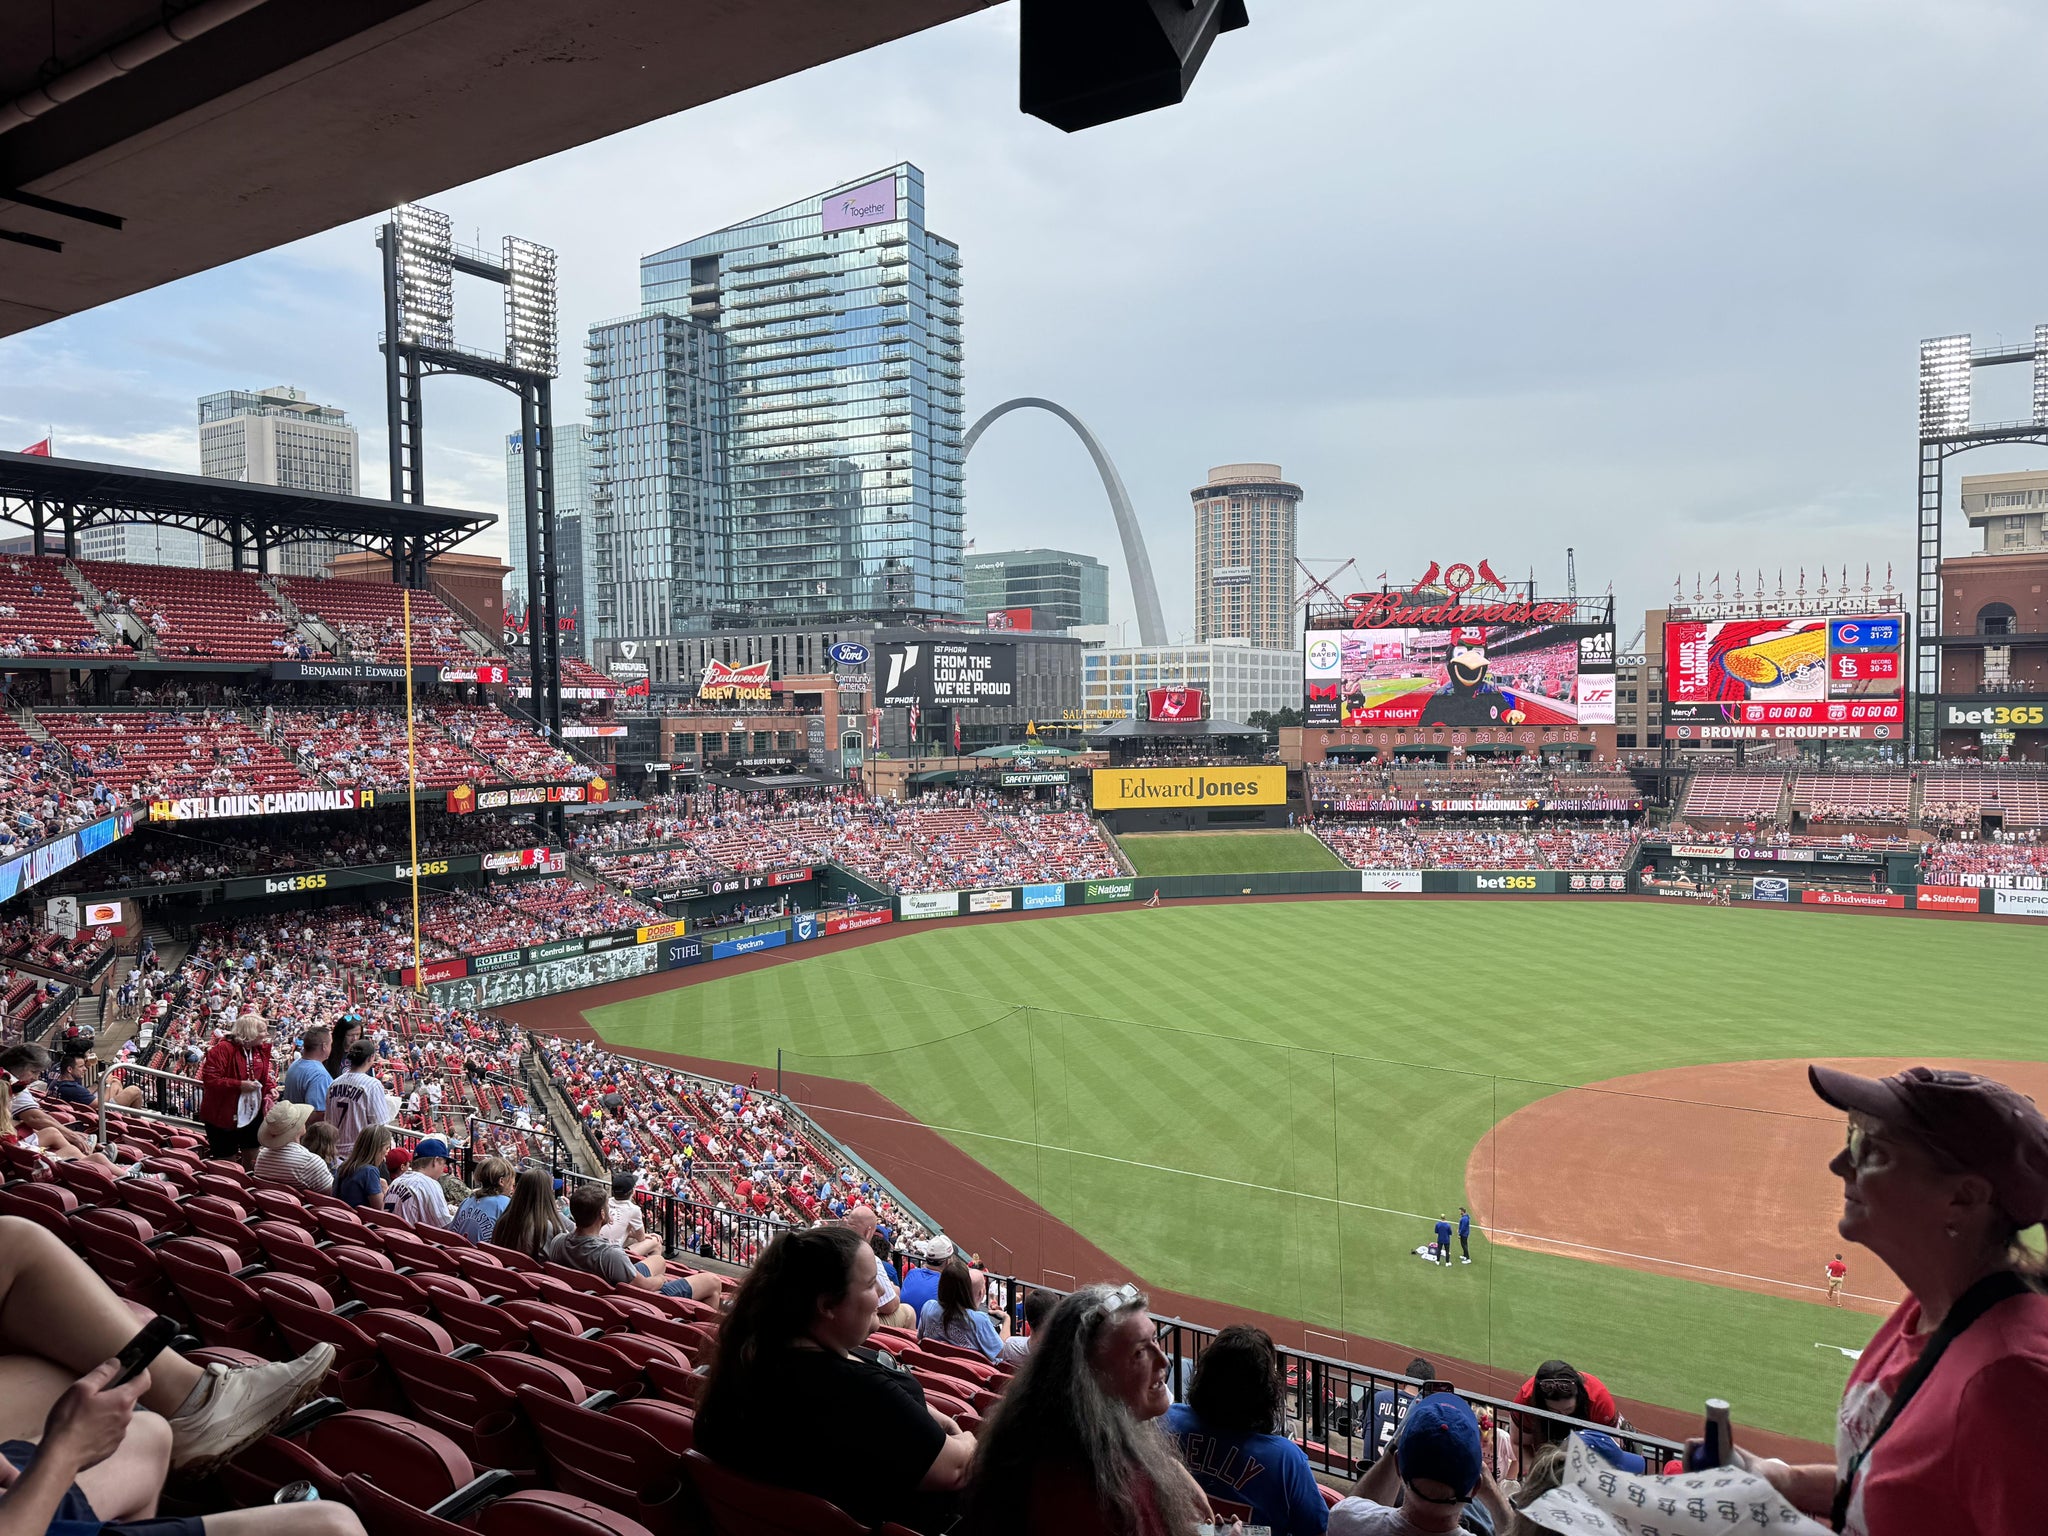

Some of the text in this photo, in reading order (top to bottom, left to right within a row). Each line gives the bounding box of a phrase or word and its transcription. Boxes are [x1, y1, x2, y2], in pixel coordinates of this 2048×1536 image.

[850, 204, 885, 218] Together
[1343, 592, 1578, 630] Budweiser
[1690, 598, 1880, 616] WORLD CHAMPIONS
[838, 645, 863, 661] Ford
[1680, 642, 1695, 674] LOUIS
[1695, 631, 1709, 687] CARDINALS
[934, 655, 988, 669] FROM THE
[300, 664, 357, 678] BENJAMIN
[365, 665, 413, 679] EDWARD
[440, 666, 478, 684] Cardinals
[701, 667, 770, 685] Budweiser
[934, 669, 984, 682] LOU AND
[578, 687, 606, 699] FOR THE
[701, 687, 772, 700] BREW HOUSE
[934, 682, 1011, 695] WE'RE PROUD
[1063, 708, 1127, 720] SALT SMOKE
[1353, 709, 1419, 719] LAST NIGHT
[1671, 707, 1692, 718] Mercy
[1768, 707, 1781, 718] GO
[1783, 707, 1797, 718] GO
[1798, 707, 1813, 718] GO
[1851, 706, 1865, 717] GO
[1867, 706, 1880, 717] GO
[1883, 706, 1897, 717] GO
[1948, 706, 2044, 724] bet365
[1701, 726, 1756, 738] BROWN
[1761, 728, 1770, 737] &
[1774, 726, 1860, 738] CROUPPEN
[1980, 732, 2016, 740] bet365
[1005, 773, 1066, 784] SAFETY NATIONAL
[1119, 776, 1259, 800] Edward Jones
[208, 793, 262, 817] LOUIS
[263, 789, 355, 814] CARDINALS
[1334, 799, 1415, 811] BUSCH STADIUM
[1447, 799, 1528, 811] LOUIS CARDINALS
[1582, 799, 1628, 811] STADIUM
[1676, 845, 1729, 855] Schnucks
[1754, 850, 1773, 858] 6:05
[1822, 852, 1840, 861] Mercy
[483, 853, 520, 870] Cardinals
[782, 871, 804, 881] PURINA
[1476, 875, 1537, 889] bet365
[1960, 873, 1986, 887] FOR
[1987, 874, 2013, 889] THE
[265, 875, 328, 894] bet365
[724, 882, 739, 891] 6:05
[1097, 883, 1132, 896] National
[1759, 880, 1781, 889] Ford
[1659, 889, 1683, 897] BUSCH
[1833, 894, 1888, 905] Budweiser
[1932, 894, 1977, 905] State Farm
[647, 924, 676, 937] DOBBS
[849, 917, 882, 932] Budweiser
[539, 943, 584, 958] Central Bank
[669, 944, 702, 962] STIFEL
[736, 940, 763, 953] Spectrum
[477, 952, 519, 966] ROTTLER
[491, 961, 520, 971] SOLUTIONS
[329, 1083, 364, 1103] SWANSON
[336, 1101, 349, 1128] 7

- - - -

Your copy should match the listing exactly, apart from the pictures it leaves out.

**Answer box**.
Some of the text in this photo, in reading order (top to bottom, left to right within a row). Each line gives the bounding box of a phrase or word and its transcription. Boxes are [x1, y1, x2, y2], in pixel coordinates of this 2048×1536 image.

[850, 204, 885, 218] Together
[1343, 592, 1578, 630] Budweiser
[1690, 598, 1880, 616] WORLD CHAMPIONS
[838, 645, 863, 661] Ford
[1680, 642, 1695, 674] LOUIS
[1695, 631, 1709, 687] CARDINALS
[934, 655, 988, 669] FROM THE
[300, 664, 357, 678] BENJAMIN
[365, 665, 413, 679] EDWARD
[440, 666, 478, 684] Cardinals
[701, 667, 770, 685] Budweiser
[934, 669, 984, 682] LOU AND
[578, 687, 606, 699] FOR THE
[701, 687, 772, 700] BREW HOUSE
[934, 682, 1011, 695] WE'RE PROUD
[1063, 708, 1127, 720] SALT SMOKE
[1353, 709, 1419, 719] LAST NIGHT
[1671, 707, 1692, 718] Mercy
[1768, 707, 1781, 718] GO
[1783, 707, 1797, 718] GO
[1798, 707, 1813, 718] GO
[1851, 706, 1865, 717] GO
[1867, 706, 1880, 717] GO
[1883, 706, 1897, 717] GO
[1948, 706, 2044, 724] bet365
[1701, 726, 1756, 738] BROWN
[1761, 728, 1770, 737] &
[1774, 726, 1860, 738] CROUPPEN
[1980, 732, 2016, 740] bet365
[1005, 773, 1066, 784] SAFETY NATIONAL
[1119, 776, 1259, 800] Edward Jones
[208, 793, 262, 817] LOUIS
[263, 789, 355, 814] CARDINALS
[1334, 799, 1415, 811] BUSCH STADIUM
[1447, 799, 1528, 811] LOUIS CARDINALS
[1582, 799, 1628, 811] STADIUM
[1676, 845, 1729, 855] Schnucks
[1754, 850, 1773, 858] 6:05
[1822, 852, 1840, 861] Mercy
[483, 853, 520, 870] Cardinals
[782, 871, 804, 881] PURINA
[1476, 875, 1537, 889] bet365
[1960, 873, 1986, 887] FOR
[1987, 874, 2013, 889] THE
[265, 875, 328, 894] bet365
[724, 882, 739, 891] 6:05
[1097, 883, 1132, 896] National
[1759, 880, 1781, 889] Ford
[1659, 889, 1683, 897] BUSCH
[1833, 894, 1888, 905] Budweiser
[1932, 894, 1977, 905] State Farm
[647, 924, 676, 937] DOBBS
[849, 917, 882, 932] Budweiser
[539, 943, 584, 958] Central Bank
[669, 944, 702, 962] STIFEL
[736, 940, 763, 953] Spectrum
[477, 952, 519, 966] ROTTLER
[491, 961, 520, 971] SOLUTIONS
[329, 1083, 364, 1103] SWANSON
[336, 1101, 349, 1128] 7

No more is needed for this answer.